# Log - likelihood function, why does the summation sign vanish?

I have the log-likelihood function:

$$l(p_i,y_i) = \sum_{i = 1}^n \left( \ln(p_i) + y_i \ln(1 - p_i) \right)$$

And I need to calculate the maximum likelihood estimator of $p_i$. When I do this, for some reason when differentiating, the summation sign vanishes. Why is this?

EDIT: To calculate the maximum likelihood estimators, I would differentiate my log likelihood, equal that to 0 and solve:

$$\frac{\partial{l}}{\partial{p_i}} = \sum_{i = 1}^n \left( \frac{1}{p_i} - \frac{y_i}{1 - p_i} \right) = 0$$

Rearranging gives me

$$\sum \frac{1}{p_i} = \sum \left( \frac{y_i}{1 - p_i} \right)$$

Oh, does this now become

$$\frac{n}{p_i} = \frac{n y_i}{ 1 - pi}$$

And then I can divide through by n and rearrange to get my value for $\hat{p_i}$?

-
It would help if you showed the steps you are taking in calculating this. – Peter Flom Dec 25 '12 at 17:57
Say that you take the derivative with respect to $p_1$ The derivative "can enter the summation", by linearity. Now, $p_1$ appears in the first term ($i = 1$) only. The derivative of all other terms ($i \neq 1$) are thus $0$. This is why the summation sign disappears. – ocram Dec 25 '12 at 18:01
But in some of my other questions, I've had to leave the summation sign in to solve for my estimator. And would that not only give me the estimator for $p_1$ and not $p_i$? – Kaish Dec 25 '12 at 18:05
What I said is still valid for any $i$ between $1$ and $n$. $p_i$ appears in the $i$th term only; all other terms do not contribute to the derivative. Your first equation in your edit is thus wrong. – ocram Dec 25 '12 at 18:08
So if I'm doing it for $i = i$, my first equation should read the same, just without the summation sign? – Kaish Dec 25 '12 at 18:12
show 1 more comment

This isn't a stats question but a question relating to basic properties of calculus and algebra.
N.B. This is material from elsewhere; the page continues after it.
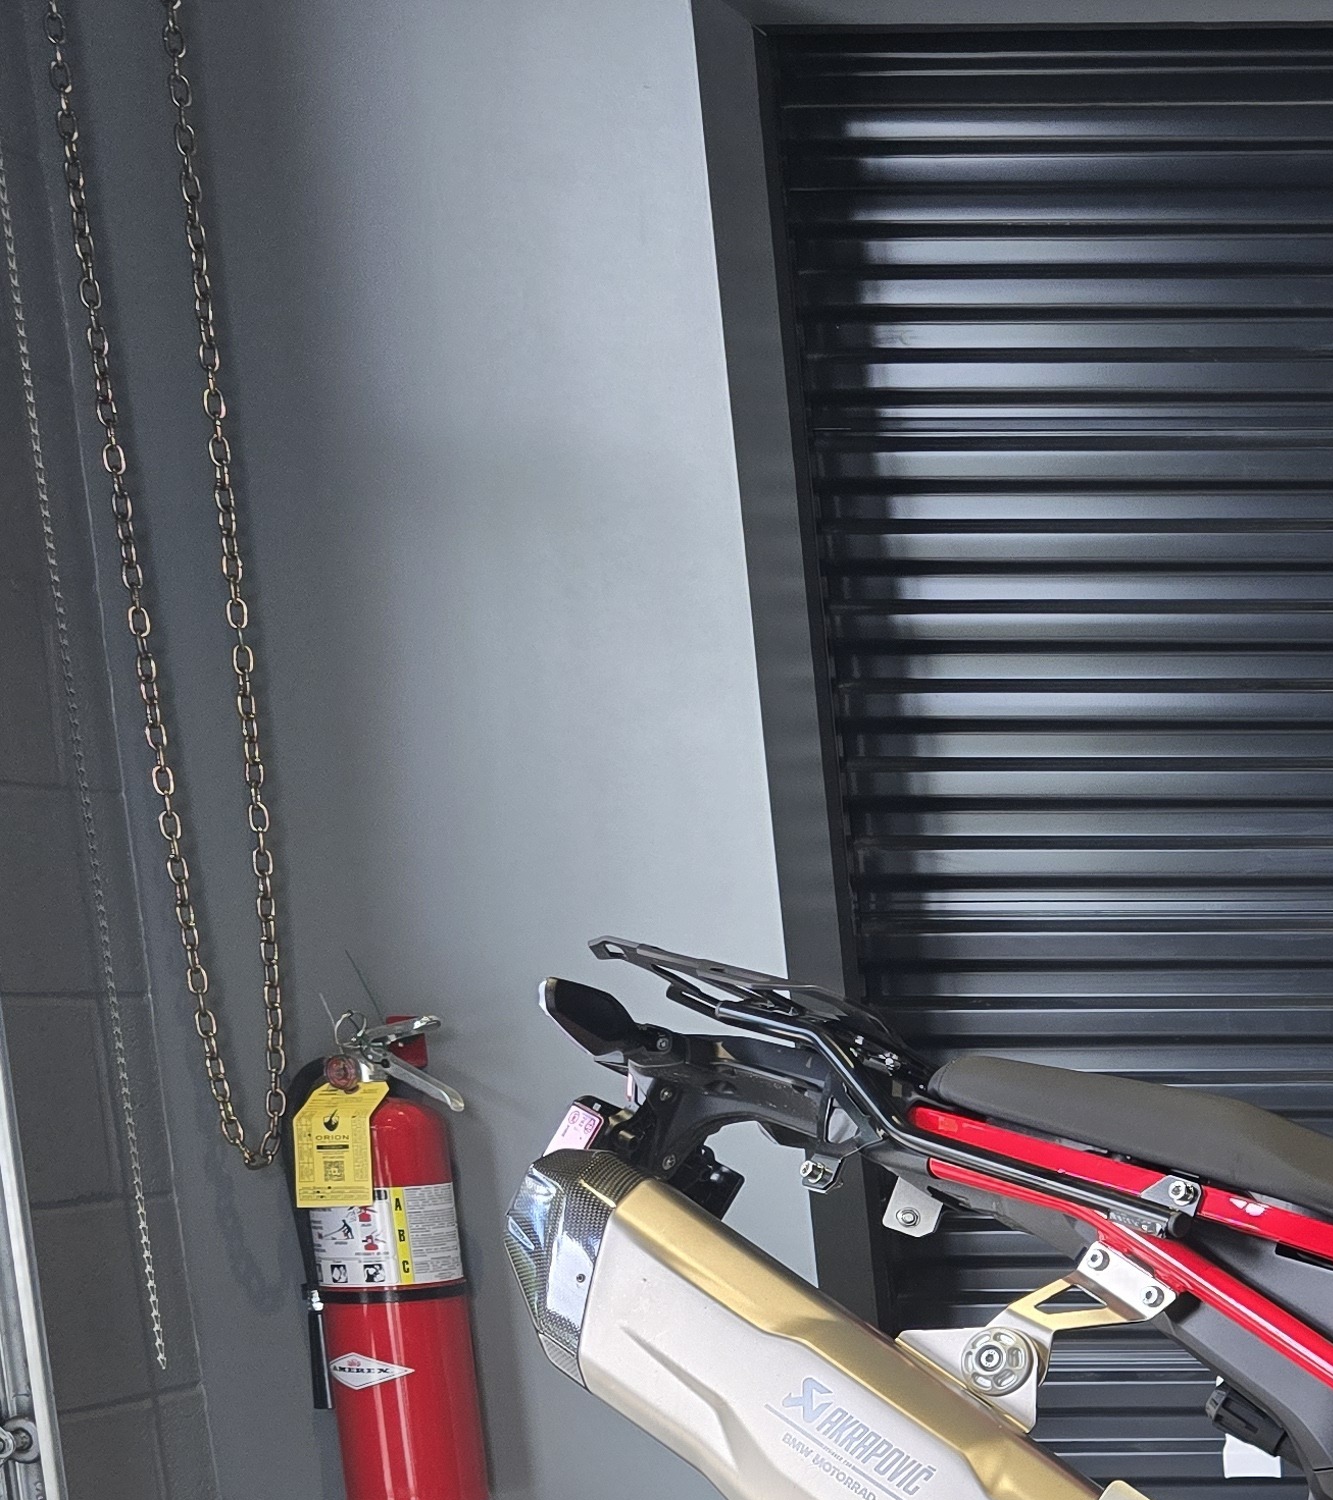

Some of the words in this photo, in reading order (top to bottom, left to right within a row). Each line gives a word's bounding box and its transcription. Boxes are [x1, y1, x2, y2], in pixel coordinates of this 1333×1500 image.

It may help to consider a simpler problem, to avoid any confusion about the issue:

$$\frac{\partial{}}{\partial{p_i}} \sum_{i = 1}^n p_i^2$$

Think of the summation written out:

$$\frac{\partial{}}{\partial{p_i}} (p_1^2 + p_2^2 + ... + p_{i-1}^2 + p_i^2 + p_{i+1}^2 + ... + p_n^2)$$

Take the derivative term by term:

$$= \frac{\partial{p_1^2}}{\partial{p_i}} + \frac{\partial{p_2^2}}{\partial{p_i}} + ... + \frac{\partial{p_{i-1}^2}}{\partial{p_i}} + \frac{\partial{p_{i}^2}}{\partial{p_i}} + \frac{\partial{p_{i+1}^2}}{\partial{p_i}} + ... + \frac{\partial{p_{n}^2}}{\partial{p_i}}$$

Now take those derivatives (leaving the $i^{\rm{th}}$ term unevaluated for the moment):

$$= 0 + 0 + ... + 0 + \frac{\partial{p_{i}^2}}{\partial{p_i}} + 0 + ... + 0$$

and we now see why the summation disappears - there's only one term that isn't zero:

$$= \frac{\partial{p_{i}^2}}{\partial{p_i}} = 2p_i$$

Your question is the same but with a different, slightly more complicated function.